Canadian Railway, Zimmer bring deals; Jefferies bucks sector weakness; telecom bonds widen

By Sheri Kasprzak and Cristal Cody

New York, Nov. 7 - It was an active day for the high-grade primary market, with a few major deals pricing and more announced for the week's pipeline.

Heading up the action, the Canadian National Railway Co. brought to market $700 million of notes in two tranches, said a term sheet.

The offering included $300 million of five-year notes and $400 million of 10-year notes.

The five-year notes are due Dec. 15, 2016 and were priced at a spread of Treasuries plus 75 bps. The 1.45% notes were priced at 99.236 to yield 1.607%. They feature a make-whole call at any time at Treasuries plus 15 bps.

The 10-year notes are due Dec. 15, 2021 and were priced at a spread of Treasuries plus 95 bps. The 2.85% notes were priced at 99.339 to yield 2.947%. Those notes also feature a make-whole call at any time at Treasuries plus 15 bps.

The notes (A3/A-/) were sold through joint bookrunners Citigroup Global Markets Inc. and J.P. Morgan Securities LLC.

The proceeds will be used to repay all of the company's outstanding commercial paper, as well as to fund general corporate needs.

Bonds widen

Investment-grade bonds traded mostly weaker on Monday and trading volume stayed light at the start of the week.

The Markit CDX Series 17 North American high-grade index eased 1 basis point to a spread of 124 bps on Monday.

"Everything's a little wider today," a trader said.

Overall trading volume dropped to about $8 billion on Monday.

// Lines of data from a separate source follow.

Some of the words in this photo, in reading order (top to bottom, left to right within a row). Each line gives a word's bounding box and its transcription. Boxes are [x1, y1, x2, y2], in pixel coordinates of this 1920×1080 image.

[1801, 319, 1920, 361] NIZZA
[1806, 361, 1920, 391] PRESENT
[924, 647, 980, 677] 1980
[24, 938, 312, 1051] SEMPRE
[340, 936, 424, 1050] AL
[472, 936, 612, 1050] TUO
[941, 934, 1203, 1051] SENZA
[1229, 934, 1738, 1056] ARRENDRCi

Bank and financial paper widened 15 bps to 20 bps on the day, with Jefferies Group, Inc.'s debt among the exception, a trader said.

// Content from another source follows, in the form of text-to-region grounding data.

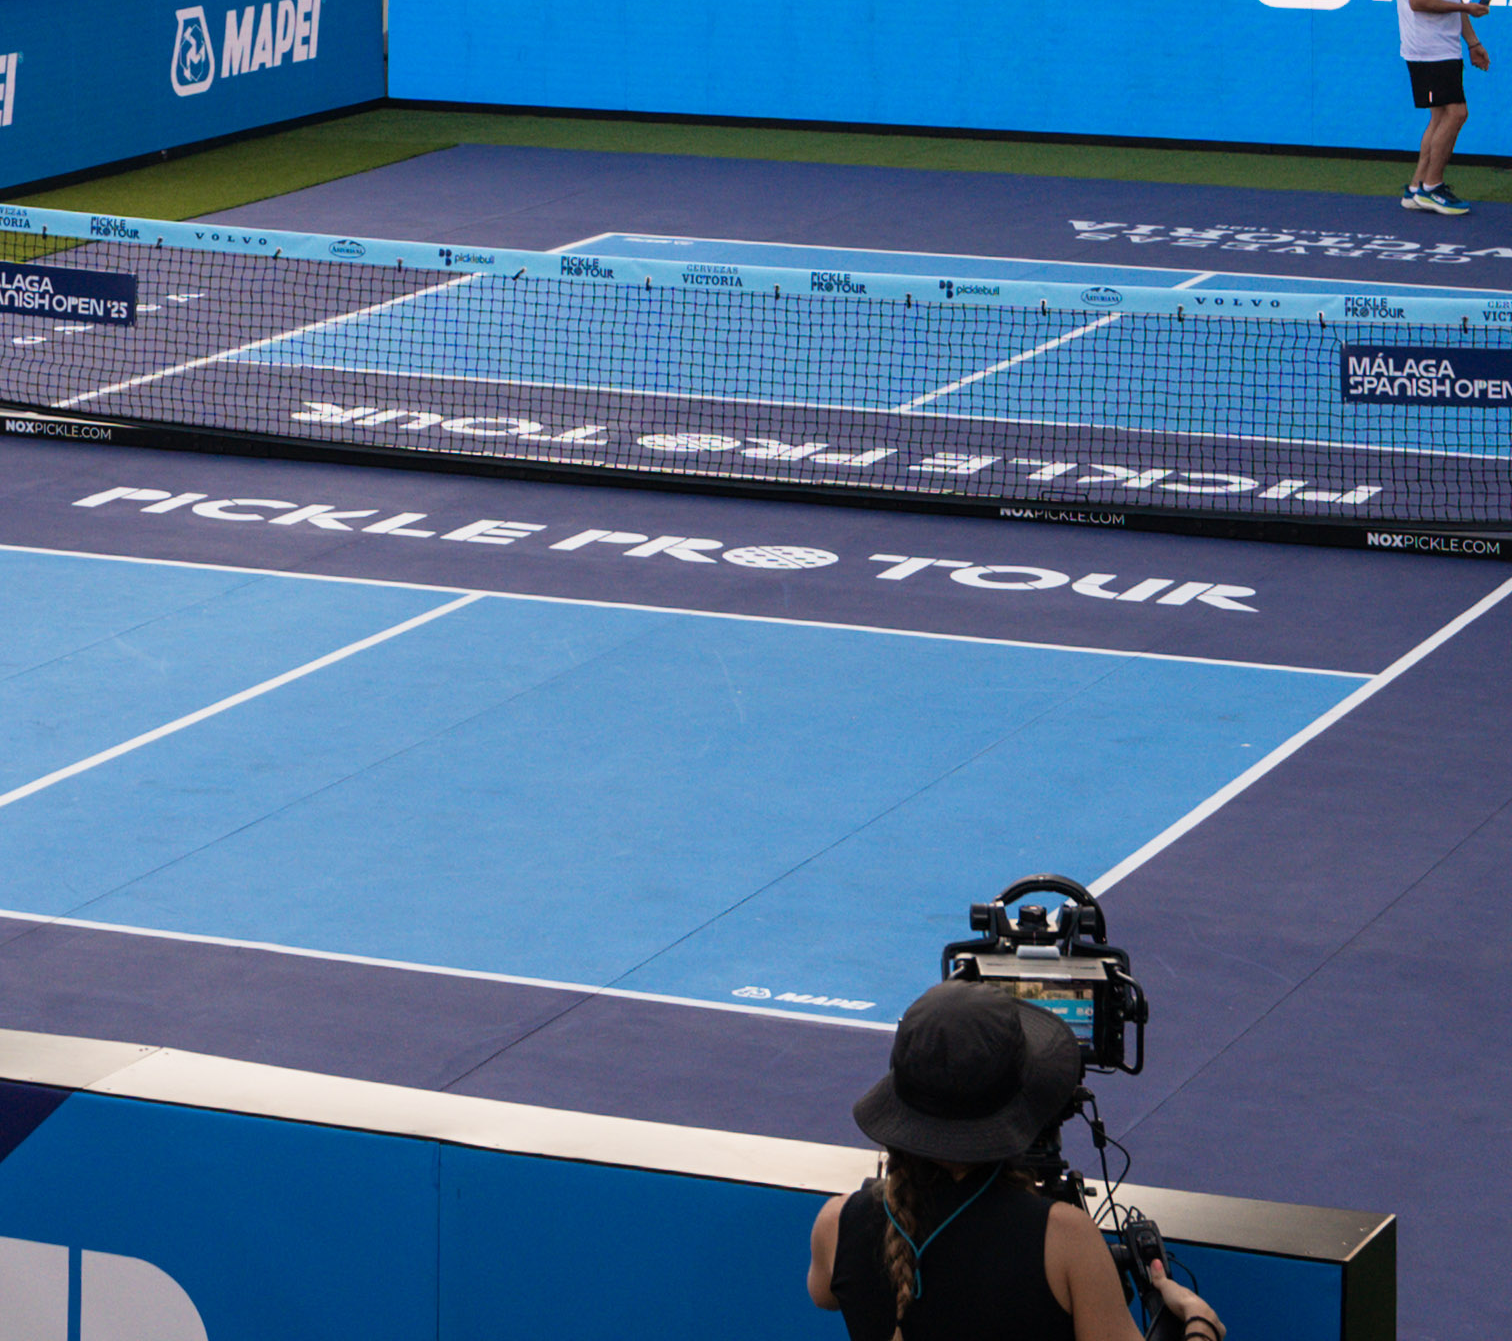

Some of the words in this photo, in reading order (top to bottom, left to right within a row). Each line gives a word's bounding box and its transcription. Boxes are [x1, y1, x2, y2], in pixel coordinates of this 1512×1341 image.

[90, 217, 126, 229] PICKLE
[195, 232, 267, 246] VOLVO
[454, 252, 495, 265] picklebull
[561, 255, 599, 268] PICKLE
[686, 263, 739, 275] CERVEZAS
[682, 273, 743, 287] VICTORIA
[811, 271, 851, 284] PICKLE
[956, 284, 1000, 297] picklebull
[52, 295, 104, 316] OPEN
[1195, 296, 1280, 310] VOLVO
[1344, 296, 1388, 308] PICKLE
[1348, 353, 1455, 378] MÁLAGA
[1348, 377, 1451, 398] SPANISH
[5, 418, 112, 441] NOXPICKLE.COM
[291, 400, 608, 447] TOUR
[909, 450, 1382, 506] PICKLE
[1000, 506, 1125, 526] NOXPICKLE.COM
[72, 487, 547, 546] PICKLE
[868, 554, 1260, 614] TOUR
[1367, 532, 1501, 555] NOXPICKLE.COM
[774, 992, 876, 1010] MAPEI

"Jefferies paper is better by a point today," the trader said.

The New York City-based securities and investment bank ended the previous week as the top trading name in the market.

Investment-grade bank and broker credit default swaps costs rose on Monday, indicating less confidence in the sector, a source said.

Bank CDS traded unchanged to 7 bps higher, while brokerage CDS were flat to 10 bps higher.

The telecom sector traded 5 bps to 20 bps wider, with the weakness in trading led by Time Warner Cable Inc. and DirecTV Holdings LLC and DirecTV Financing Co., Inc., the trader said.

Dr. Pepper Snapple Group, Inc.'s notes traded stronger, while Zimmer Holdings Inc.'s notes stayed flat and UnitedHealth Group Inc.'s new bonds traded in the gray markets in the late afternoon.

Amgen's CDS costs were weaker on the company's deal news. The CDS were quoted going out 15 bps wider, a trader said.

Treasuries were mixed. The 10-year note yield ended unchanged at 2.03%. The 30-year bond yield rose 1 basis point to 3.1%.

Zimmer brings $550 million

In other pricing news, Zimmer Holdings sold $550 million of senior notes, also in a two-tranche deal, according to a term sheet.

The notes (Baa1/A-/) were sold through joint bookrunning managers Merrill Lynch, Pierce, Fenner & Smith Inc.; BNP Paribas Securities Corp.; and RBS Securities Inc.

The deal included $250 million of three-year notes and $300 million of 10-year notes.

The three-year notes are due Nov. 30, 2014 and have a 1.4% coupon with a spread of Treasuries plus 105 bps. The notes were priced at 99.928 to yield 1.424%. The notes feature a make-whole call at any time at Treasuries plus 15 bps.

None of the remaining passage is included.